Hans Raj Model School (also called HRMS) is a co-educational private school in Punjabi Bagh, New Delhi, India, which provides education to pupils from kindergarten through the 12th grade. The school is located in the suburbs of West Delhi and is spread across 8 acres of green lawns. The kindergarten division is located in a separate 1.5-acre campus designed specifically to cater to the needs of young kids.

In 2009, 2012 and 2016, the school was ranked as one of the trendsetting schools of West Delhi in C-Fore surveys by Hindustan Times.

History
Following along the ideals of the religious and social reformer, Swami Dayanand Saraswati and to impart knowledge in combination with that of the Vedas, the school was founded in the year 1966 by the D.A.V. College Managing Committee in New Delhi. Honouring the principles of Mahatma Hansraj, the school is a part of the 900+ schools and colleges managed by D.A.V. College Managing Committee in India and overseas.

The founder principal of the school was Mr. Tilak Raj Gupta, a renowned educationalist mostly remembered for his innovative scheme of imparting free education to children of various sections of the society in the year 1984 for which he has also conferred the lifetime achievement by the National Progressive Schools’ Conference, India.

Mrs. Heemal Handu Bhat is the current principal of the school.

Vanasthali
Environmental conservation is a part of the school curriculum. A  site adjacent to the school has been converted into a children's forest with a garden of Good-Will International in which students and dignitaries have planted around 4000 trees.

Educational approach
Facilities include computer-aided education, audiovisual aids, multimedia systems, L.C.D Projectors. Internet technologies are being included in the classrooms in partnership with 'Classteacher.com'

During the 2020 lockdown due to COVID-19 pandemic in India, the school shut off its offline operations but conducted a virtual investiture ceremony of the prefectorial board of the 2020-21 batch.

Extra curricular

Sports Academy
There is a skating rink, cricket and football ground, tennis grounds, gymnasium, taekwondo rink, junior and senior department basketball courts aside from a swimming pool. There are evening classes for the sports academy. The students of the school have achieved significant positions in sports including table tennis, lawn tennis, skating, cricket, basketball, gymnastics, handball, golf, etc.

Hobbies and activities
In 2020, the school engaged in the Fit India Movement launched by PM Narendra Modi by observing a week-long program curated with yoga, traditional Indian games and sessions on maintaining a healthy lifestyle.

Controversy
A 16-year-old boy, Ankit, died after taking a plunge into a swimming pool in a Punjabi Bagh club in West Delhi on Tuesday, June 11, 2003. Apparently, there were four life guards and a supervisor present around the pool when Ankit drowned.

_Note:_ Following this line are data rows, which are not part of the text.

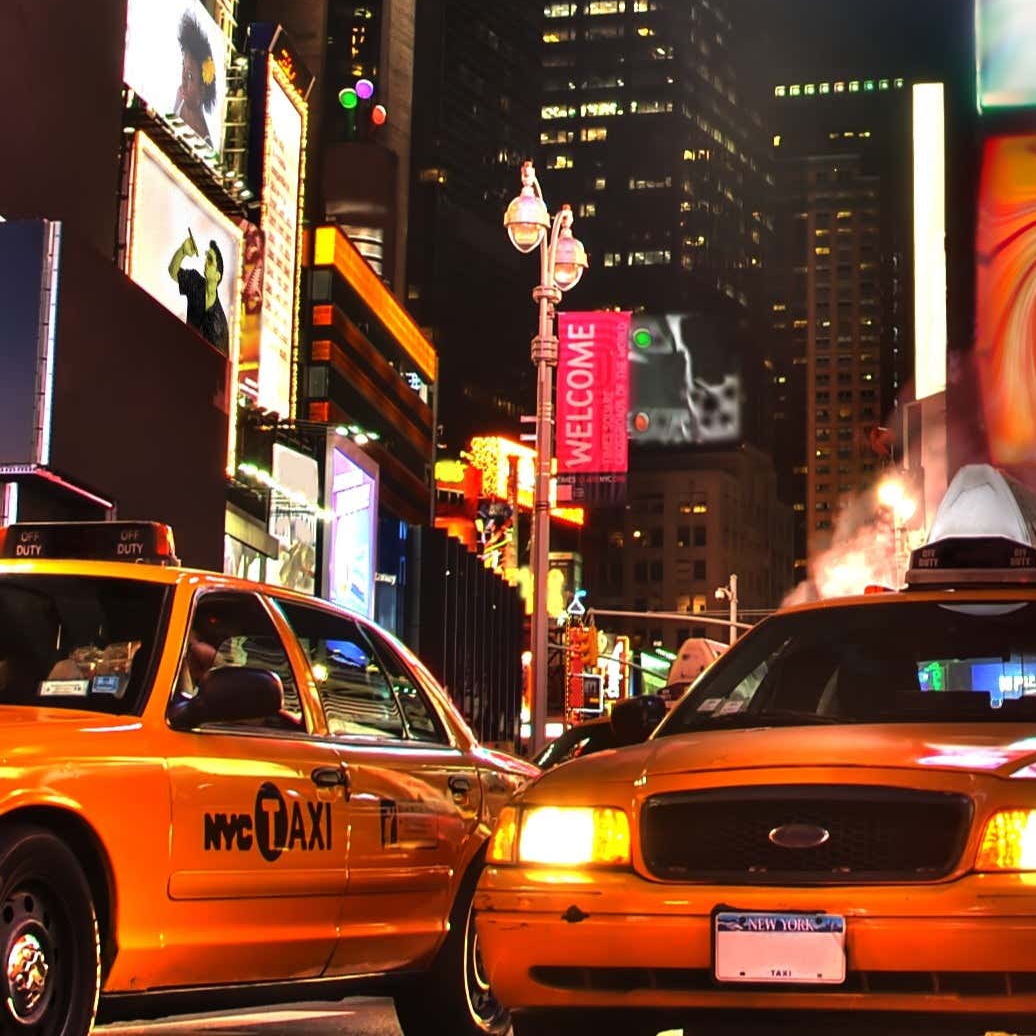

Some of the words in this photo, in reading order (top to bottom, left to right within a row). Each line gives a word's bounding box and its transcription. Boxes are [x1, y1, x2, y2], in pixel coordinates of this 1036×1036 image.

[565, 323, 596, 468] WELCOME
[21, 531, 39, 542] OFF
[121, 530, 139, 540] OFF
[16, 544, 42, 556] DUTY
[117, 543, 143, 555] DUTY
[203, 812, 252, 851] NYC
[256, 790, 332, 856] TAXI
[747, 917, 776, 931] NEW
[779, 917, 815, 931] YORK
[770, 969, 792, 977] TAXI
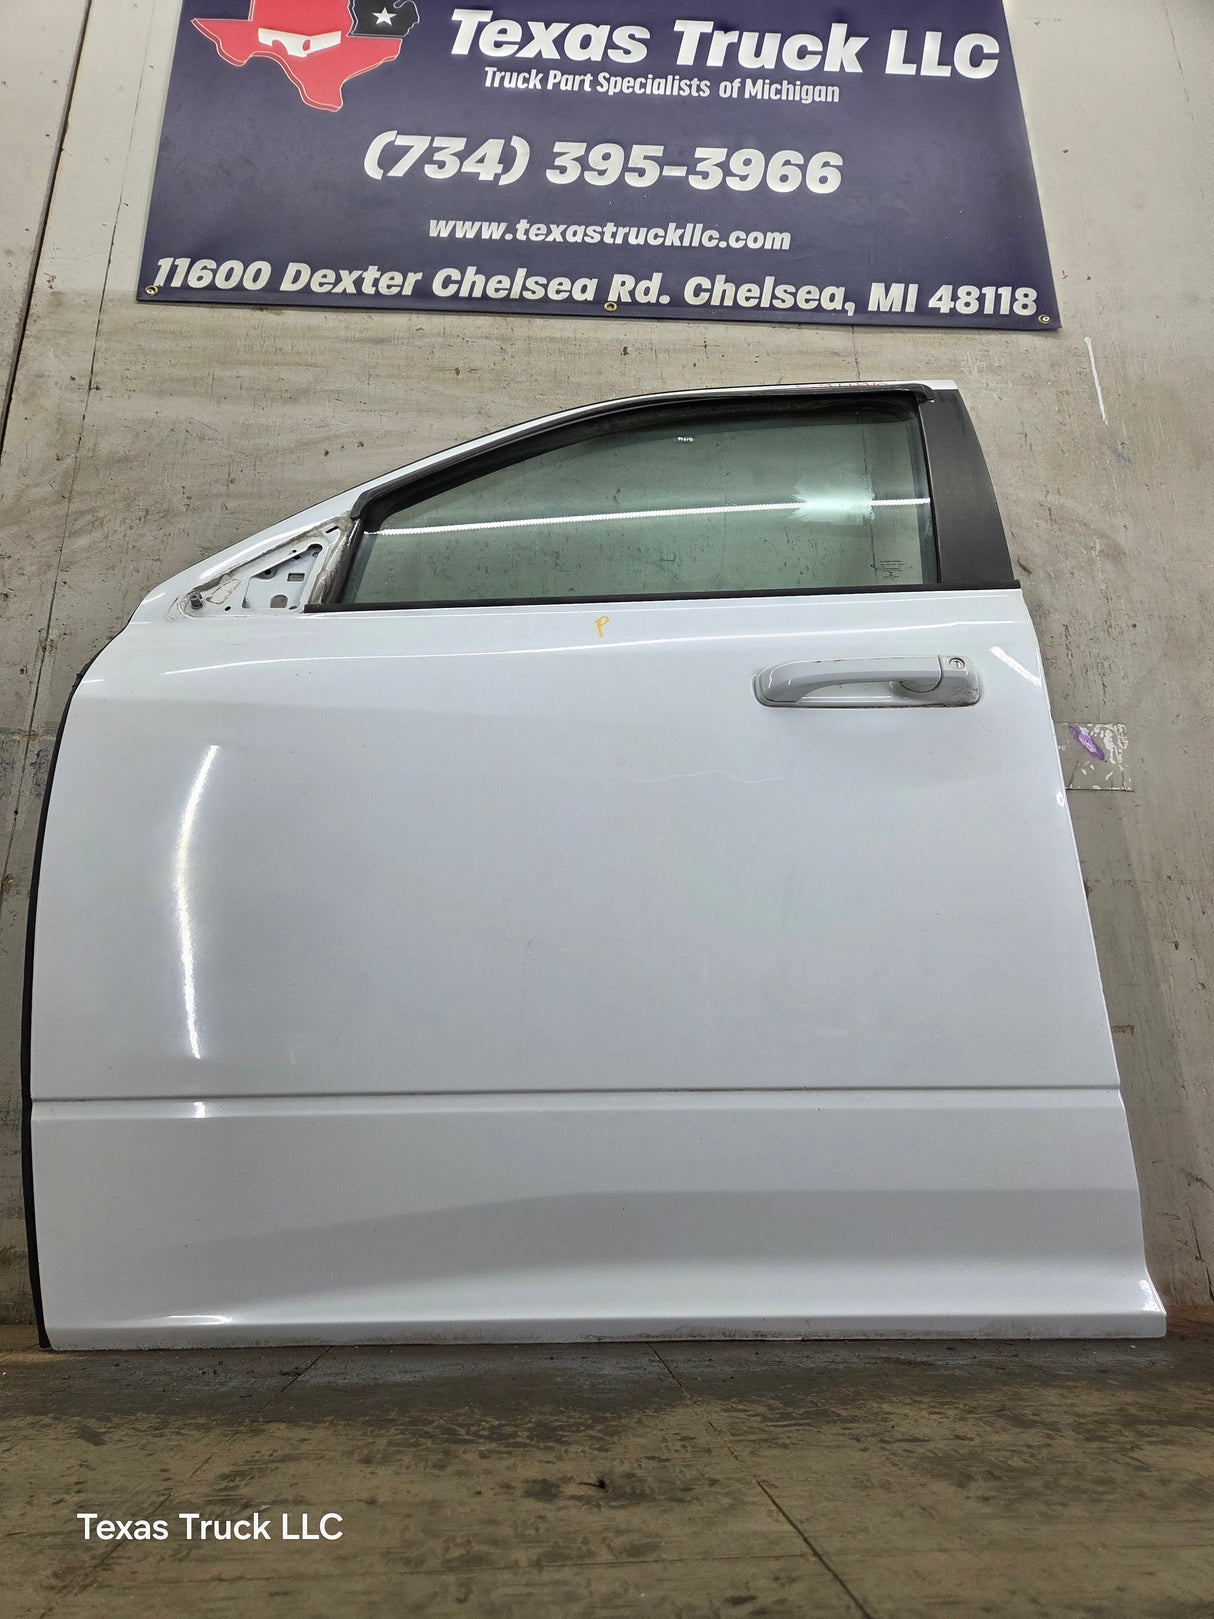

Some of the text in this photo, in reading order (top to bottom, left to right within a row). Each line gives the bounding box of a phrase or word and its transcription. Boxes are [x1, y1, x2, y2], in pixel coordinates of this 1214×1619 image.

[451, 9, 999, 79] Texas Truck LLC
[485, 67, 839, 104] Truck Part Specialists of Michigan
[364, 130, 843, 194] (734) 395-3966
[429, 219, 791, 250] www.texastruckllc.com
[153, 258, 1037, 316] 11600 Dexter Chelsea Rd. Chelsea, MI 48118

The victim was rushed to Agrasen hospital, where he was declared brought dead. According to deputy commissioner of police (licensing) G C Dwivedi, the club''s licence has been cancelled. "We won''t allow swimming in the club till the investigations are completed," said Dwivedi. The incident took place around 7.30 pm. Son of a businessman, Ankit was a student of Hansraj Model school and had passed his Class X examinations this year. He was a regular visitor of the club, the police said. Deputy Commissioner of police (west) Satish Golcha said: "The boy had gone to the pool alone. Five life guards were present on the spot. First-aid equipment was there as well." According to the police, four life guards are deployed in the evening and three in the morning at the pool, which is 16 feet deep. According to sources, there are more than 120 swimming pools in the city with a proper licence. But the actual number of swimming pools in the city is much more. The defaulter list included some educational institutions as well. The set of guidelines for maintaining a swimming pool is fairly comprehensive and stringent. Every pool must employ an instructor with adequate knowledge of first aid and artificial respiration. The instructor has to be present till the pool remains open.

During the COVID-19 pandemic, the school was involved in a fee-hike row with the Delhi Parents Association, where almost 288 Delhi schools were alleged to have increased their fees for the new academic session despite the announcement of a national lockdown.

Notable alumni
Sanjay Thapar, an ex-Wing Commander of the Indian Air Force and the first Indian to hoist the Tricolor at the North Pole was an alumnus of the school of the class of 1977.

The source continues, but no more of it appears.